Work instructions: Copy all data exactly. Skip pictures.

Source information:
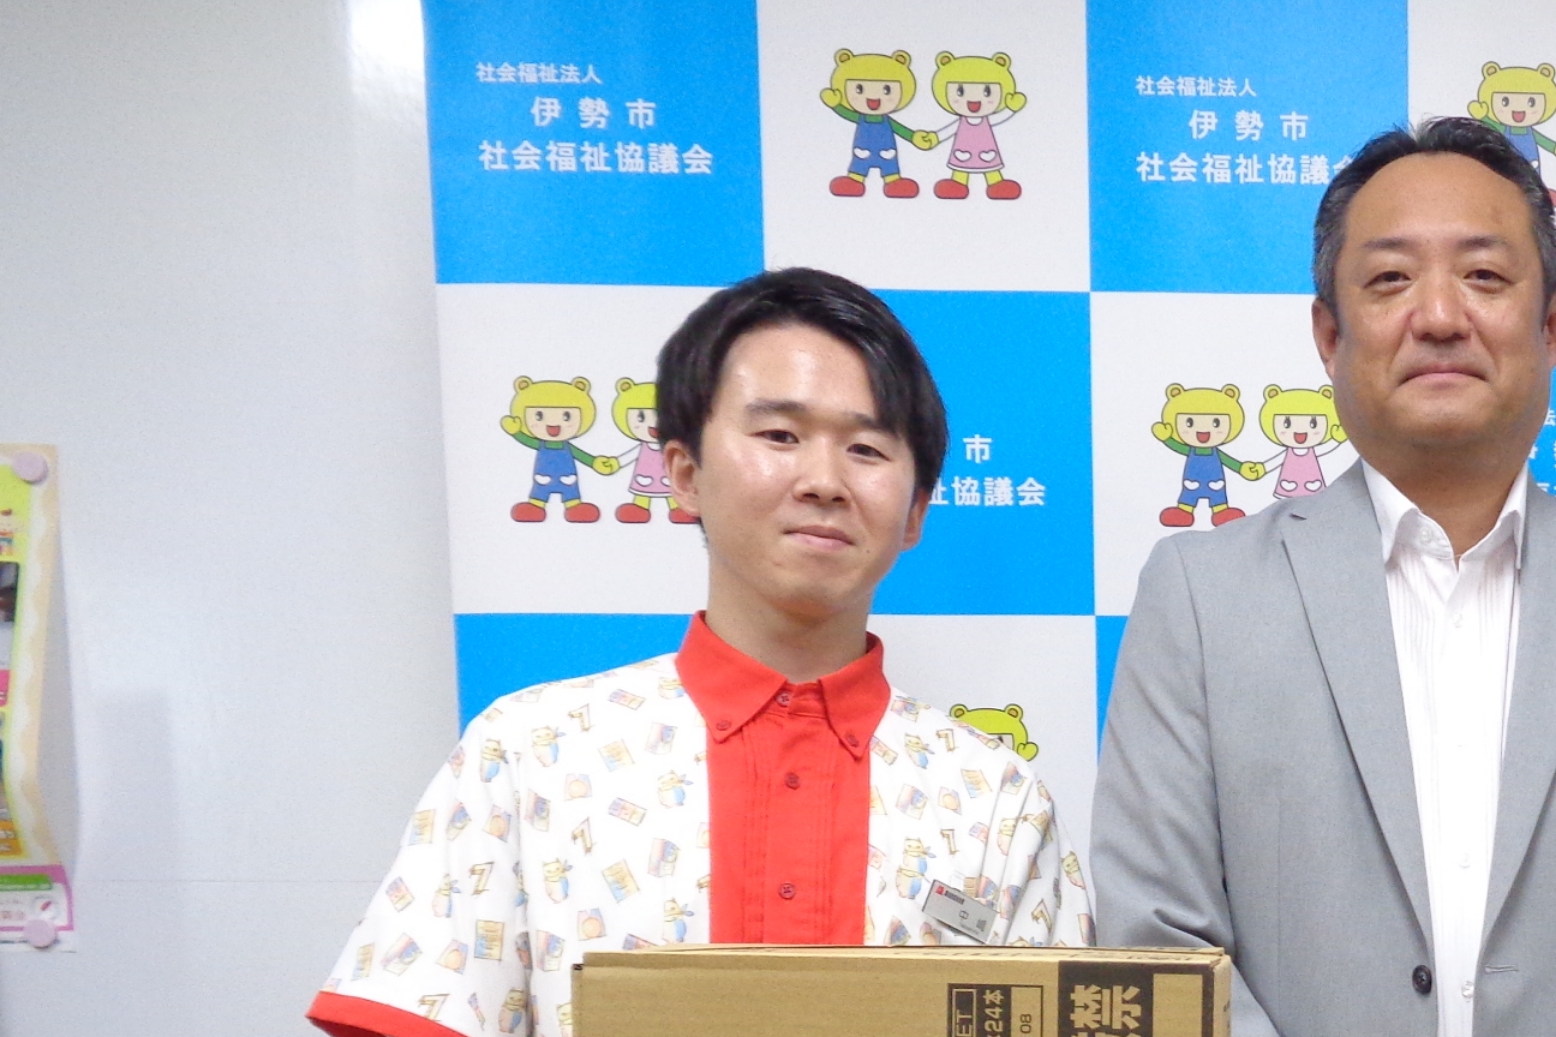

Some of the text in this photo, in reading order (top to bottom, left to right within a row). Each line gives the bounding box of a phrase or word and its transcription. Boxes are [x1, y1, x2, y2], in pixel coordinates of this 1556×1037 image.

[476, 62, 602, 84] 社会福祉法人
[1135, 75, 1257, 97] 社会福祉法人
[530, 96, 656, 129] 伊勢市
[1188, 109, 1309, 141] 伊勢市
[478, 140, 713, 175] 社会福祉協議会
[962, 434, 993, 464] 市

Your solution:
Some of the text in this photo, in reading order (top to bottom, left to right within a row). Each line gives the bounding box of a phrase or word and its transcription. Boxes are [x1, y1, x2, y2], in pixel coordinates of this 1556×1037 image.

[476, 62, 602, 84] 社会福祉法人
[1135, 75, 1257, 97] 社会福祉法人
[530, 96, 656, 129] 伊勢市
[1188, 109, 1309, 141] 伊勢市
[478, 140, 713, 175] 社会福祉協議会
[962, 434, 993, 464] 市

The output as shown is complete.